9:48 AM
May 16, 2018
 |  BC Extra  |  Company News

FDA frowns on Evolus

Evolus Inc. (NASDAQ:EOLS) fell $3.95 (27%) to $10.70 on Wednesday after it said FDA issued a complete response letter for a BLA for prabotulinumtoxinA (DWP-450) to treat adults with glabellar lines (frown lines between the eyebrows). With the move, Evolus shed over $90 million in market cap.

Evolus said the CRL focused solely on CMC process deficiencies. It plans to respond to FDA "with a complete submission" within 90 days, and anticipates a spring 2019 launch for DWP-450.

The company has already responded to some of FDA's requests, and the agency's remaining questions are "manageable," Evolus President and CEO David Moatazedi said on a conference call Wednesday.

Separately, Evolus said FDA provided pre-approval to Daewoong Pharmaceutical Co. Ltd. (KSE:069620) for a DWP-450 manufacturing facility, which "puts a significant question mark around our manufacturing ability behind us," Moatazedi said.

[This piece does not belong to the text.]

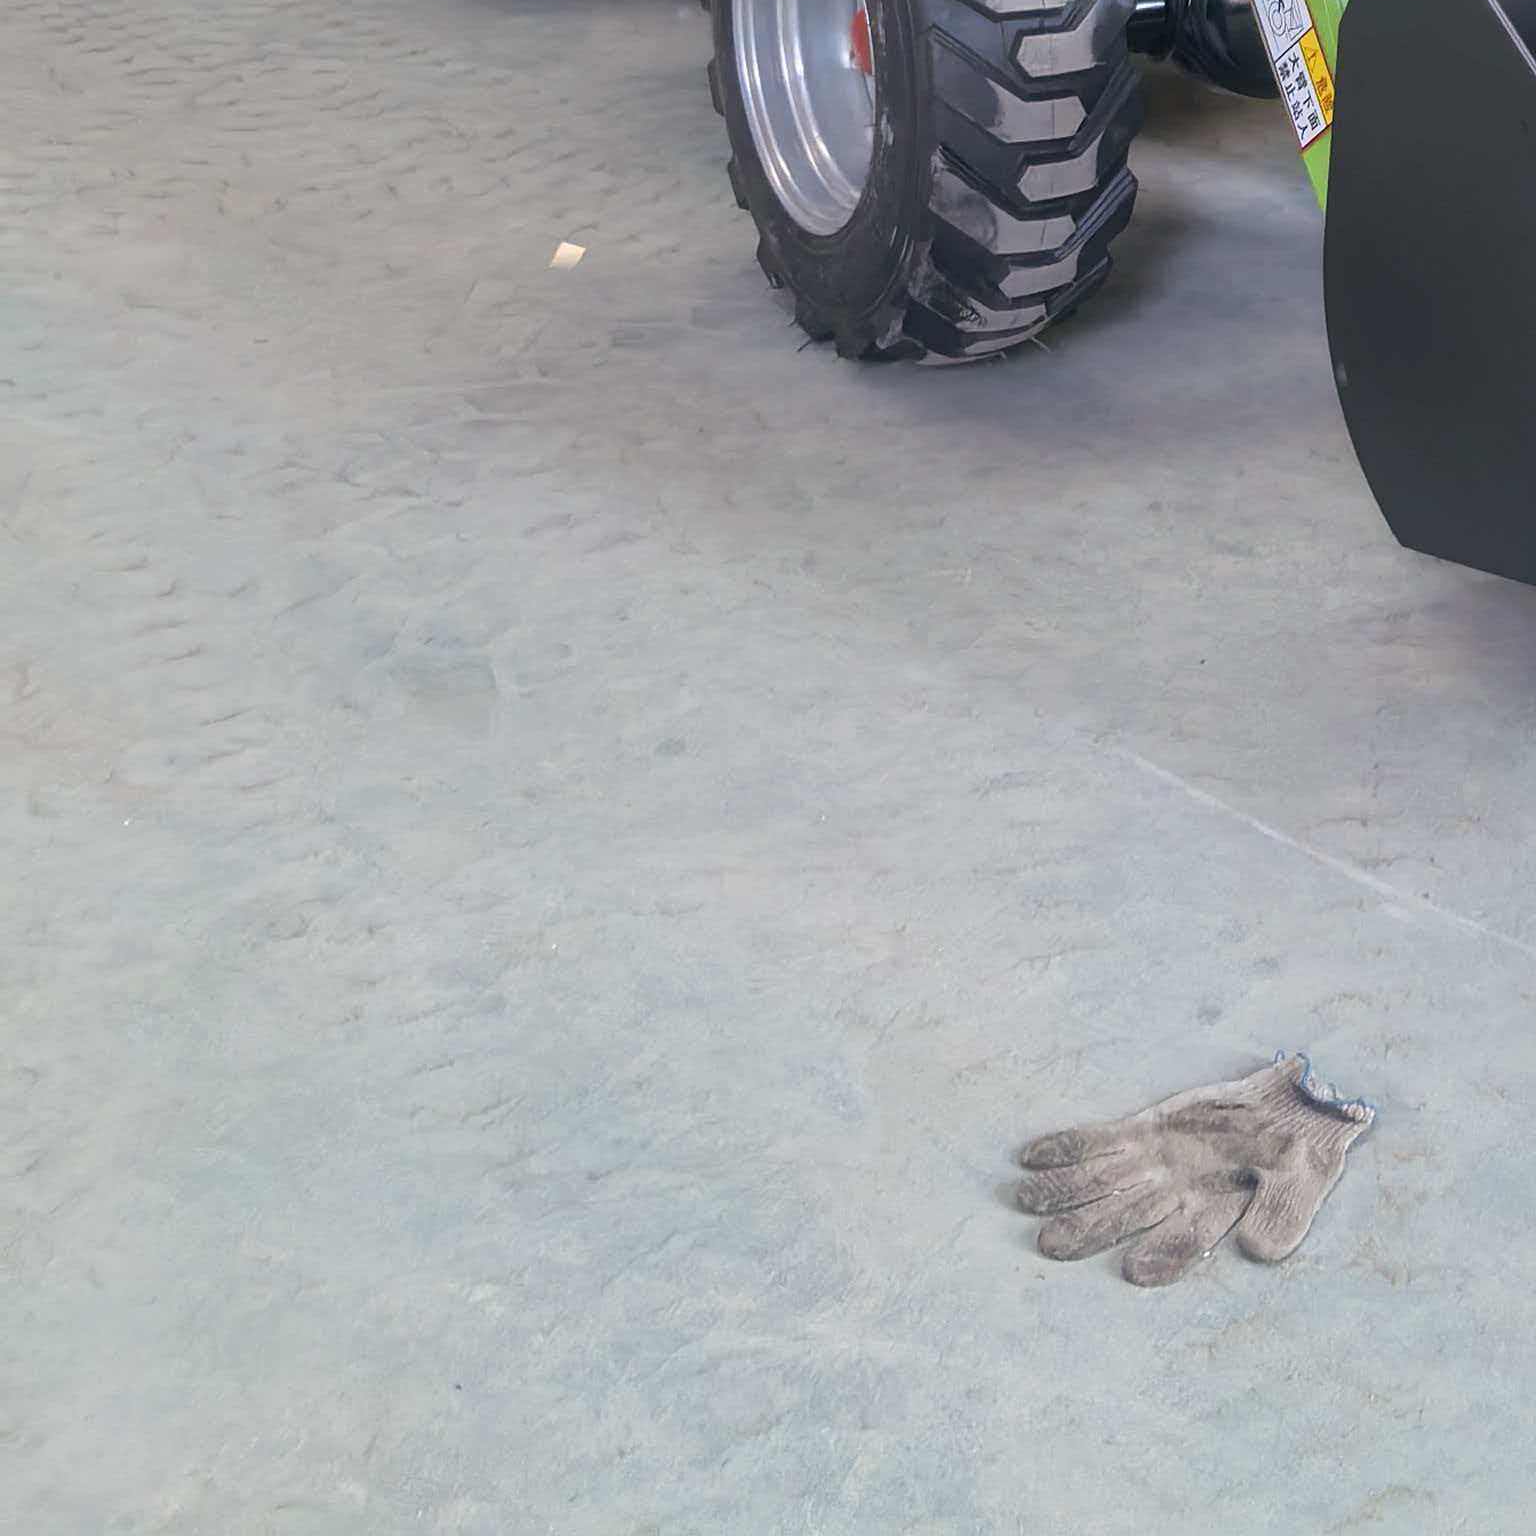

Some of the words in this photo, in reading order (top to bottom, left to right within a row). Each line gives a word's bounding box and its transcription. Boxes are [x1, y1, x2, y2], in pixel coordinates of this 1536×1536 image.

EMA is reviewing an MAA for the injectable 900 kilodalton (kDa) botulinum toxin type A complex.

Evolus has mostly traded below its $12 IPO price since it went public in February. The company raised $60 million in the offering, which valued it at $283.1 million (see BioCentury Extra, Feb. 8).

Evolus is a subsidiary of Alphaeon Corp., which is majority-owned by Strathspey Crown Holdings LLC (Newport Beach, Calif.). Alphaeon owns 79% of Evolus.